Your assignment | Every entry below should be transcribed exactly; pictures stay out of the copy.

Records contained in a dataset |
========================================================================
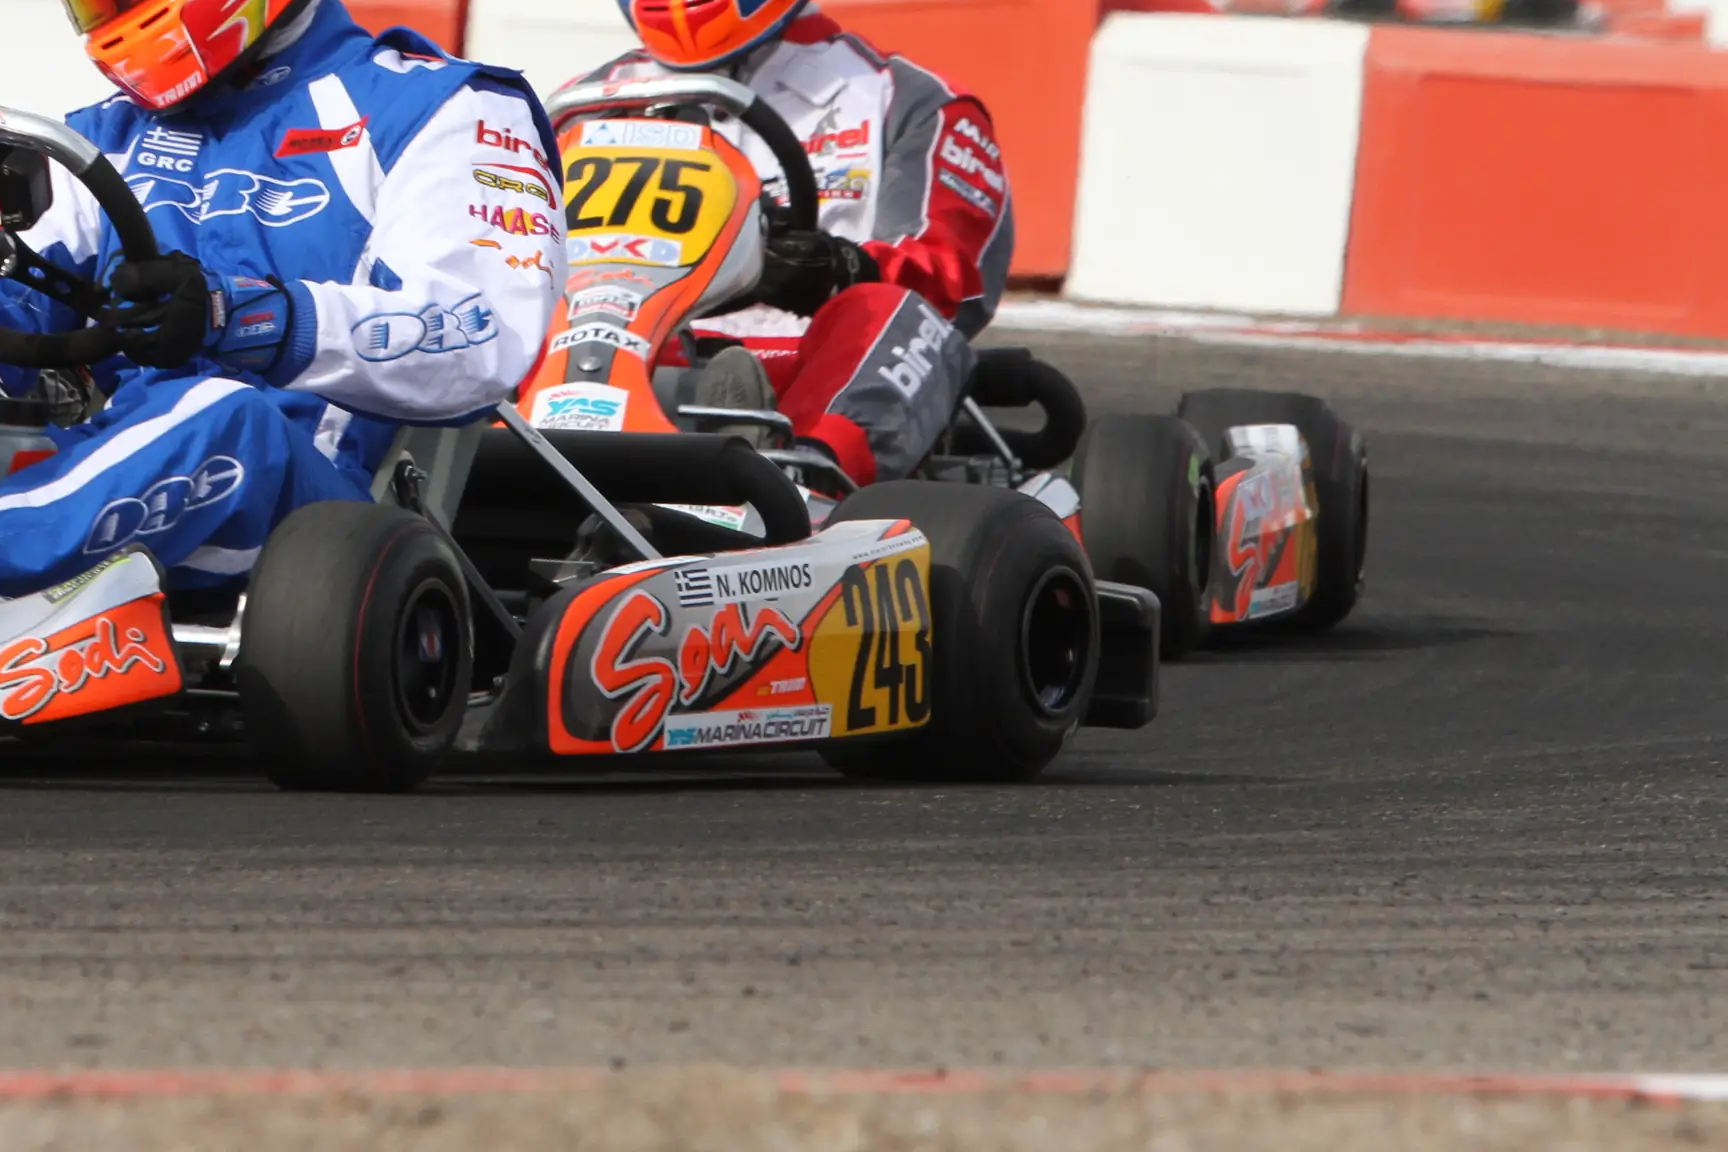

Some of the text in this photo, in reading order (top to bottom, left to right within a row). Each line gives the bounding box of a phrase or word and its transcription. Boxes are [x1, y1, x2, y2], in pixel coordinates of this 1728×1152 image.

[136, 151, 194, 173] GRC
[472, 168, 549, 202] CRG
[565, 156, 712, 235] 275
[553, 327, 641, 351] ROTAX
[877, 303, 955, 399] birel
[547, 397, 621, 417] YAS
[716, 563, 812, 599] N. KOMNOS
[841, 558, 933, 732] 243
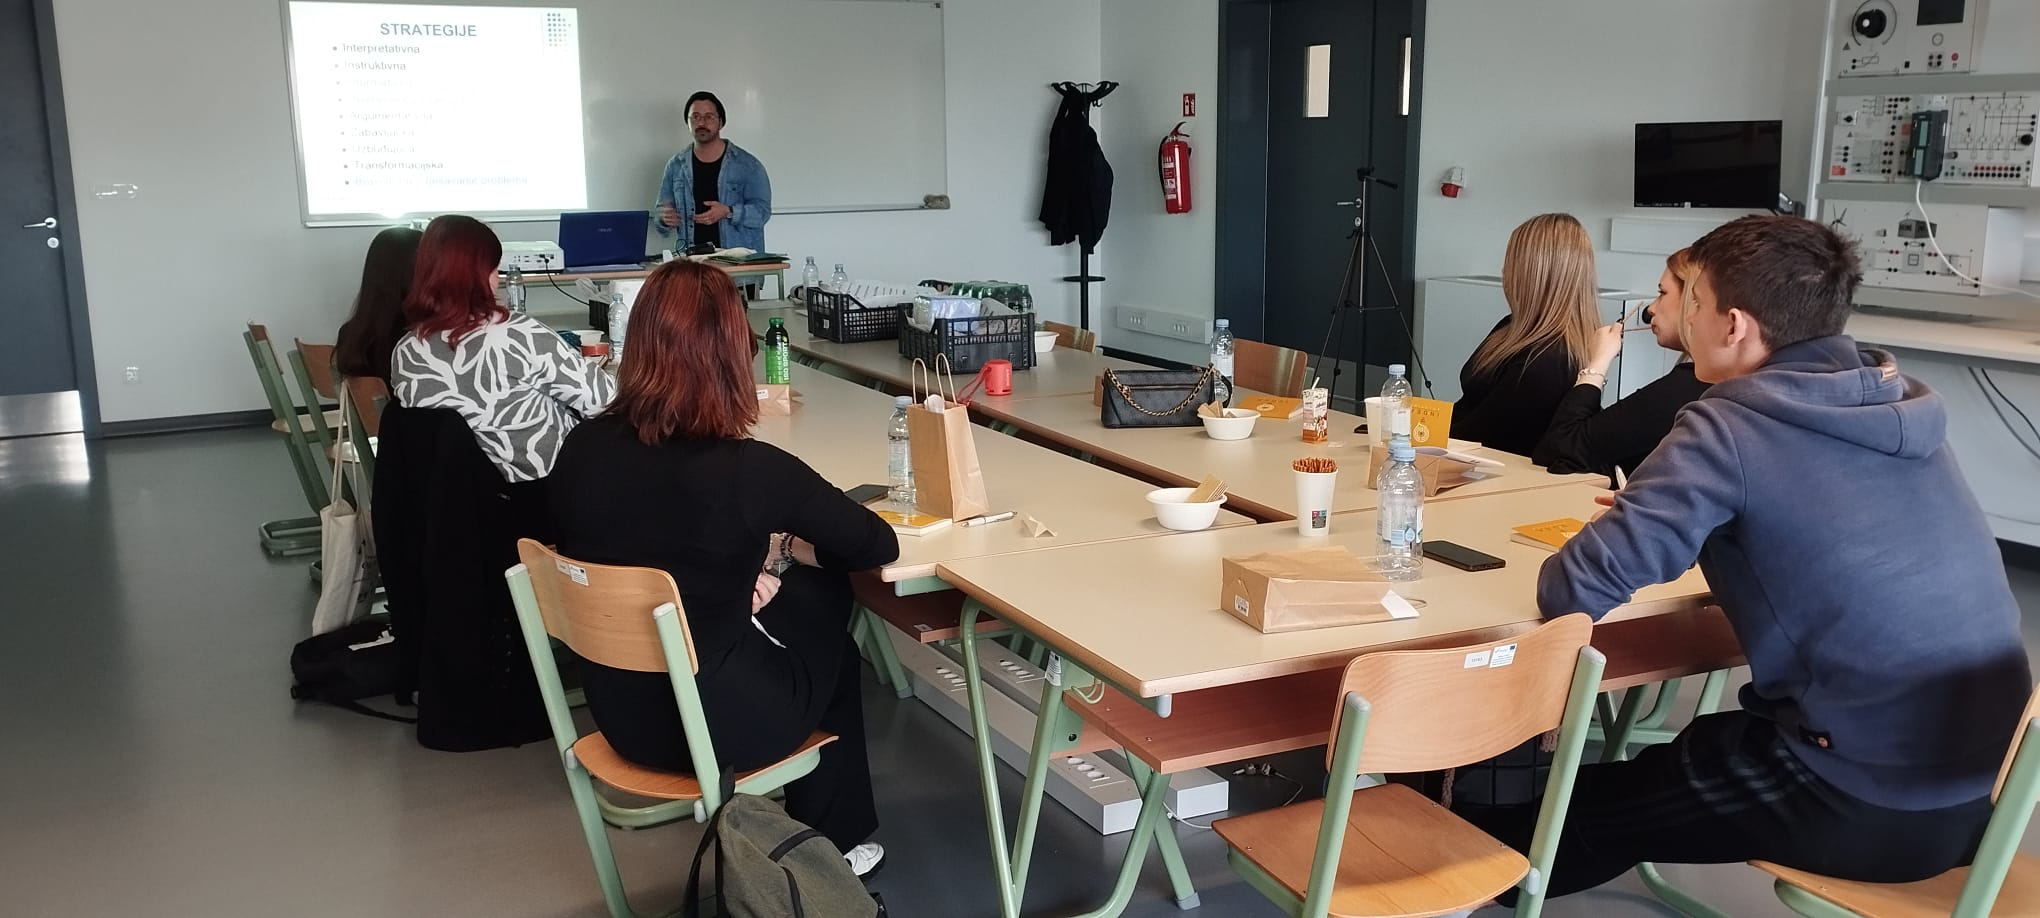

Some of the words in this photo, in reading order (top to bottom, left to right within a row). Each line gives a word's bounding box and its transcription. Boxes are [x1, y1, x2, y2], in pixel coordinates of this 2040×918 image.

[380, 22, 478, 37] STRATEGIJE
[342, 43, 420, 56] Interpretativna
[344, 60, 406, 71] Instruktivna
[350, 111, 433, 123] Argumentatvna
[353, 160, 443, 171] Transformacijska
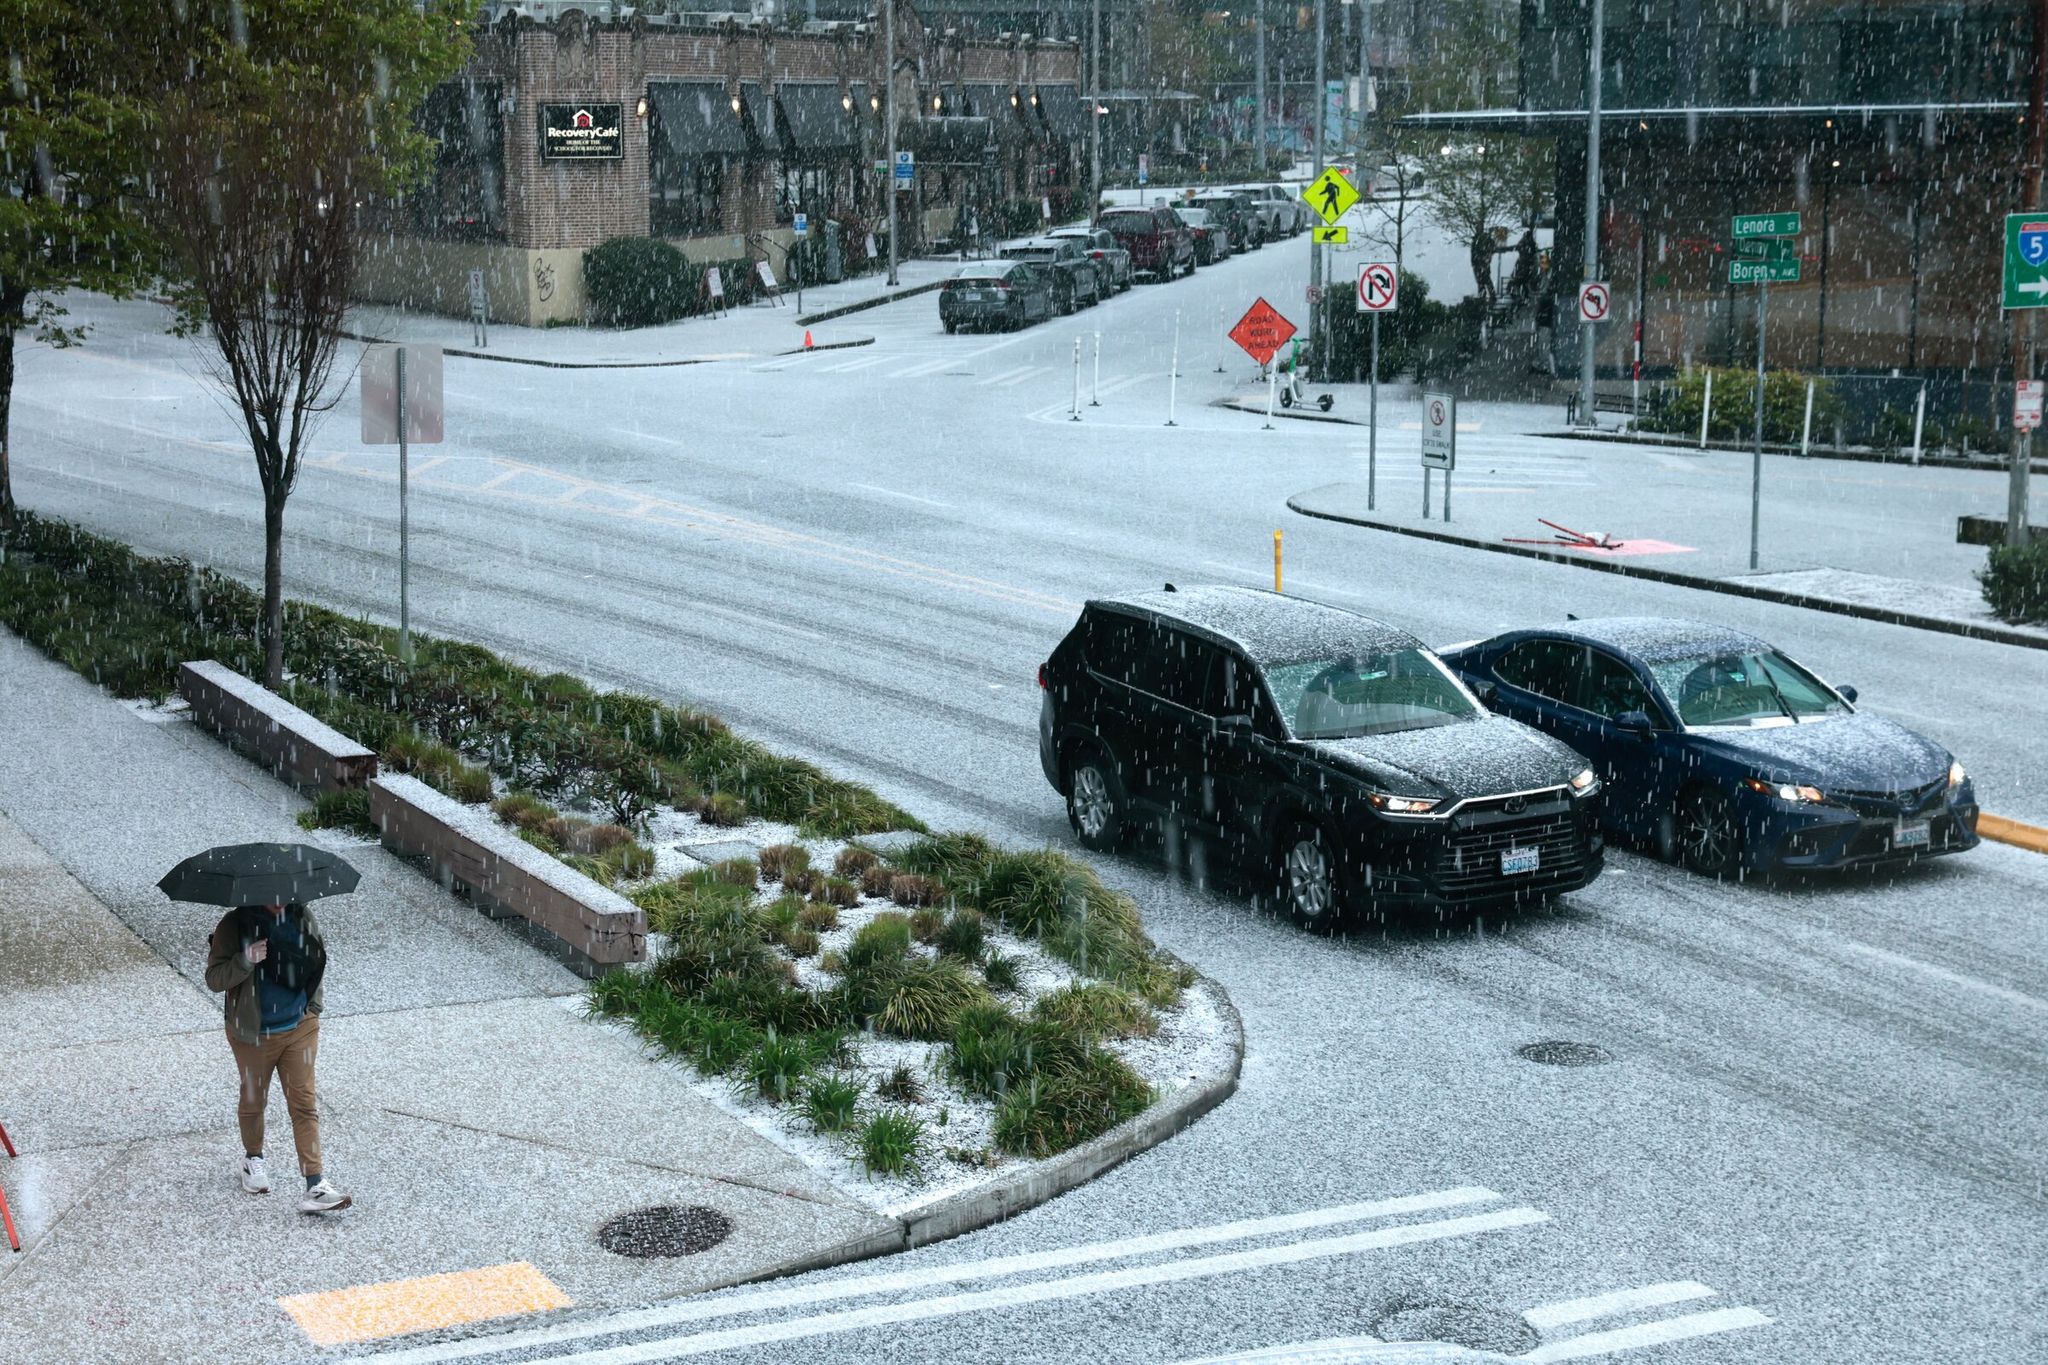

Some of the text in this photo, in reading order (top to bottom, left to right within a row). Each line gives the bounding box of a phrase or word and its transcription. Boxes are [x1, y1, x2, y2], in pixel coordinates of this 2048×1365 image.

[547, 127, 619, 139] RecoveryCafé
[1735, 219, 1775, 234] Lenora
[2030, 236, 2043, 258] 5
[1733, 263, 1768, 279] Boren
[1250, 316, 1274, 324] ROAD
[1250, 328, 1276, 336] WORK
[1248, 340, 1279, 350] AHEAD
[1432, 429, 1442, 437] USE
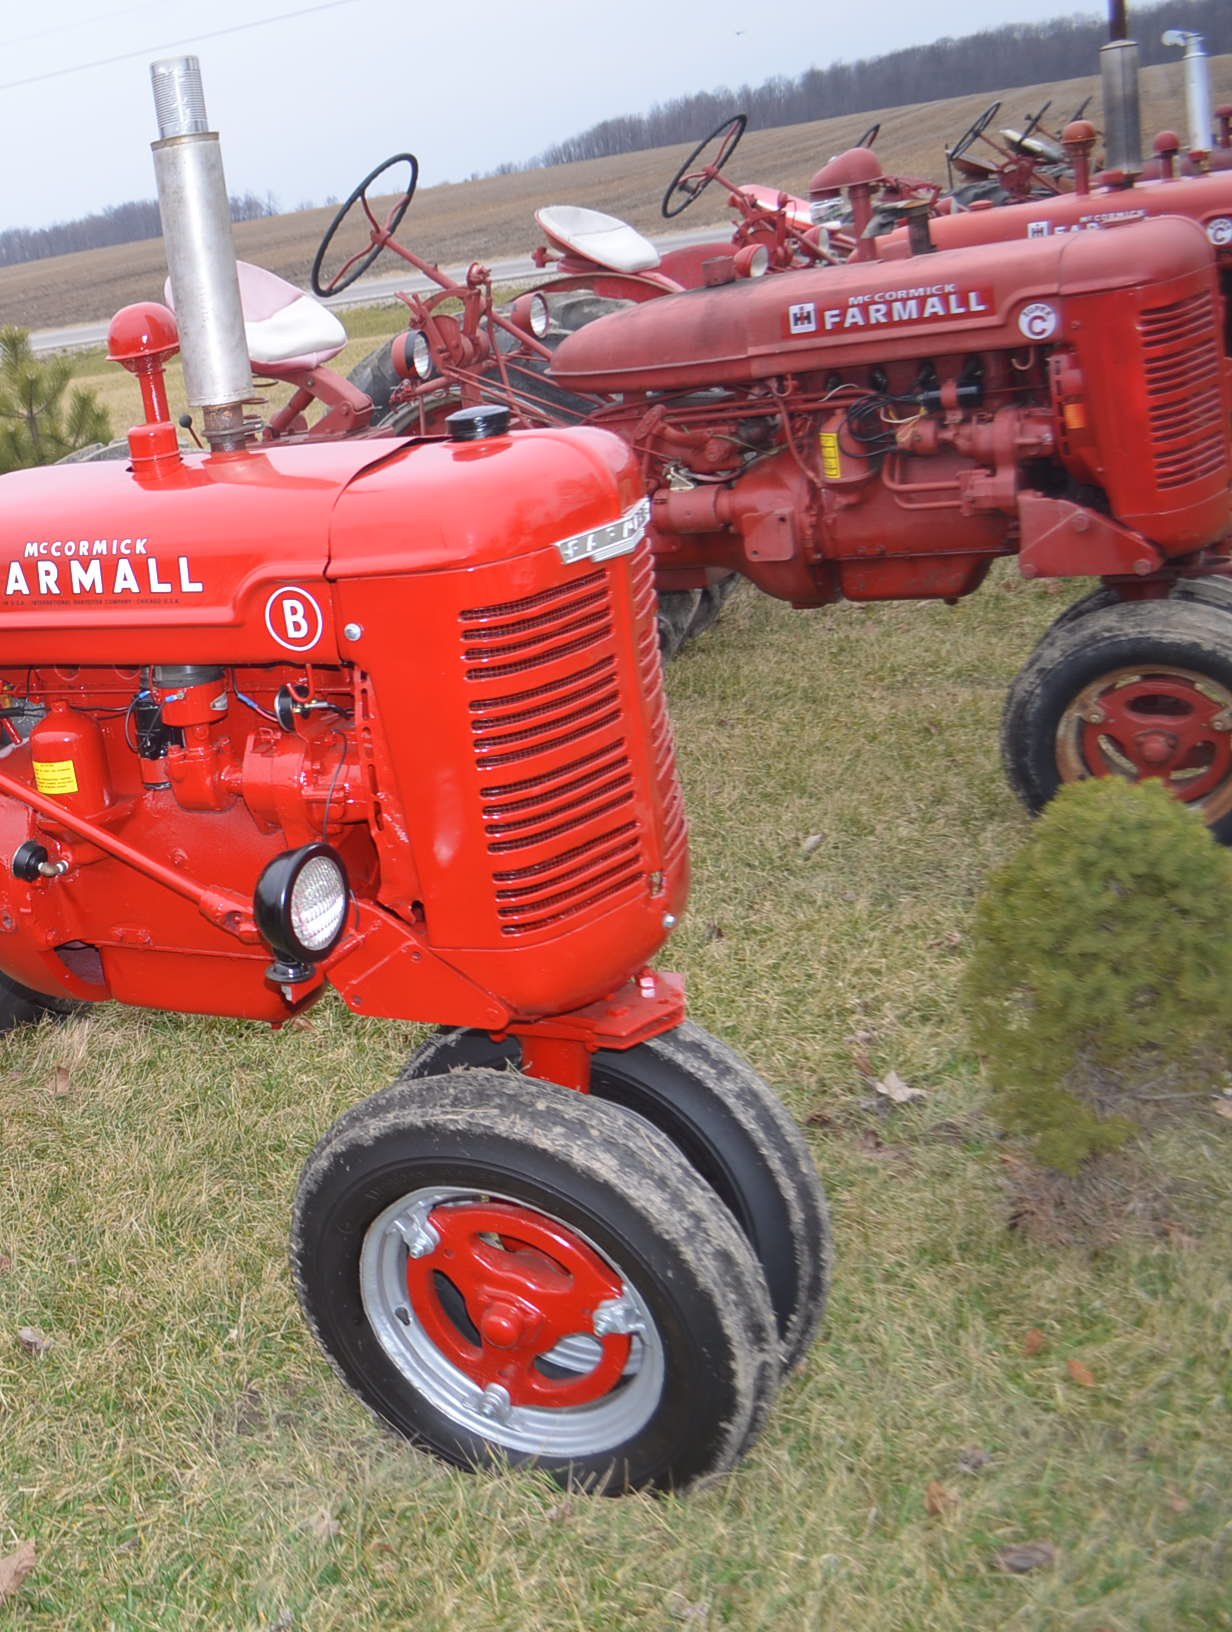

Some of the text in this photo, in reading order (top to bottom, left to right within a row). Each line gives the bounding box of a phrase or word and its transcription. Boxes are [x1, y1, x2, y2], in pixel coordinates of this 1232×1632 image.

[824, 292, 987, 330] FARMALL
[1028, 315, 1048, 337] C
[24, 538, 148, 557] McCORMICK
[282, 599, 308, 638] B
========================================================================
Response area |
Some of the text in this photo, in reading order (top to bottom, left to right within a row). Each line gives the bounding box of a phrase or word and its transcription. Boxes are [x1, y1, x2, y2], in pixel coordinates of this 1728×1152 image.

[136, 151, 194, 173] GRC
[472, 168, 549, 202] CRG
[565, 156, 712, 235] 275
[553, 327, 641, 351] ROTAX
[877, 303, 955, 399] birel
[547, 397, 621, 417] YAS
[716, 563, 812, 599] N. KOMNOS
[841, 558, 933, 732] 243

Some of the words in this photo, in reading order (top to bottom, left to right within a row). Each line gives a word's bounding box and its transcription. Boxes are [x1, y1, x2, y2], in pixel coordinates of this 2040×918 image.

[380, 22, 478, 37] STRATEGIJE
[342, 43, 420, 56] Interpretativna
[344, 60, 406, 71] Instruktivna
[350, 111, 433, 123] Argumentatvna
[353, 160, 443, 171] Transformacijska

Some of the text in this photo, in reading order (top to bottom, left to right within a row). Each line gives the bounding box of a phrase or word and its transcription. Boxes are [x1, y1, x2, y2], in pixel coordinates of this 2048×1365 image.

[547, 127, 619, 139] RecoveryCafé
[1735, 219, 1775, 234] Lenora
[2030, 236, 2043, 258] 5
[1733, 263, 1768, 279] Boren
[1250, 316, 1274, 324] ROAD
[1250, 328, 1276, 336] WORK
[1248, 340, 1279, 350] AHEAD
[1432, 429, 1442, 437] USE

Some of the text in this photo, in reading order (top to bottom, left to right within a row). Each line gives the bounding box of a phrase or word and its transcription. Boxes are [x1, y1, x2, y2], in pixel coordinates of this 1232×1632 image.

[824, 292, 987, 330] FARMALL
[1028, 315, 1048, 337] C
[24, 538, 148, 557] McCORMICK
[282, 599, 308, 638] B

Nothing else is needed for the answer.